» Raw data:
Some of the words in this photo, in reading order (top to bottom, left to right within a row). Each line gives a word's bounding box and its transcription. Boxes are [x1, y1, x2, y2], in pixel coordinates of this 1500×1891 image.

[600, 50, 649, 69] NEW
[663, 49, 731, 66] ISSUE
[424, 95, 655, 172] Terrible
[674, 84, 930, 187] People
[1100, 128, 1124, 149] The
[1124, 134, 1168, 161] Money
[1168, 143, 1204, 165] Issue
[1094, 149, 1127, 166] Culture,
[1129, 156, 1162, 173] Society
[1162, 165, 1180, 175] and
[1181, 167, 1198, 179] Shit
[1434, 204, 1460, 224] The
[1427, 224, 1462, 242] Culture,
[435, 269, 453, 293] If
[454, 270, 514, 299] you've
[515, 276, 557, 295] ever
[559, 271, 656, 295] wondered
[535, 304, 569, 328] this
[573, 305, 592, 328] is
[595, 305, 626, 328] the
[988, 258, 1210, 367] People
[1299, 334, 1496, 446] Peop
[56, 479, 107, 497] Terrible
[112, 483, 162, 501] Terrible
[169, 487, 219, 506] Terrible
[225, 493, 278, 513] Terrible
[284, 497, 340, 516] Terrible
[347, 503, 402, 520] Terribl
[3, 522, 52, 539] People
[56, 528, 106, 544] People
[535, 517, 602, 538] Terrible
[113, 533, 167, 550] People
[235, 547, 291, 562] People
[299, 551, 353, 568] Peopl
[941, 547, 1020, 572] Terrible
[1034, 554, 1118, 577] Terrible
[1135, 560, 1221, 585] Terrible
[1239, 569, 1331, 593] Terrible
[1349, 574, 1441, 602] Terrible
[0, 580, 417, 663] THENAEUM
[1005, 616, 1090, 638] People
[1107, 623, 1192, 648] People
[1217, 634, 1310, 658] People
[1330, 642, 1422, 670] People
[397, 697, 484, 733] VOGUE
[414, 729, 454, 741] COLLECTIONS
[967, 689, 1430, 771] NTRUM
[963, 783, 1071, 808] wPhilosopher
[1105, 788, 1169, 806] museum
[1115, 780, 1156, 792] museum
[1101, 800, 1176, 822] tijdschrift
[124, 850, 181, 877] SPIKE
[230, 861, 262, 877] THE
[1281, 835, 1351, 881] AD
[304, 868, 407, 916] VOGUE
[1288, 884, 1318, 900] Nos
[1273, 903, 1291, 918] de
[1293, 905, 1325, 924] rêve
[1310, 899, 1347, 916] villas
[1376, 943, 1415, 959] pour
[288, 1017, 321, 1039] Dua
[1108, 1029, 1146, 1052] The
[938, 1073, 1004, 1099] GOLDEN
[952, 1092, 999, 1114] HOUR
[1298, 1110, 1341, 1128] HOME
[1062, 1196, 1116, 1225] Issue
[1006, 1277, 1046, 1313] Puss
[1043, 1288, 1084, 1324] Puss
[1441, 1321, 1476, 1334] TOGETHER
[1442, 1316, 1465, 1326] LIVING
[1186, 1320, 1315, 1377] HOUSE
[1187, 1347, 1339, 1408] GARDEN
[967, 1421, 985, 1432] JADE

» Instructions for the task: The response must give every line from the material above that holds the string "VOGUE".

» Task solution:
[397, 697, 484, 733] VOGUE
[304, 868, 407, 916] VOGUE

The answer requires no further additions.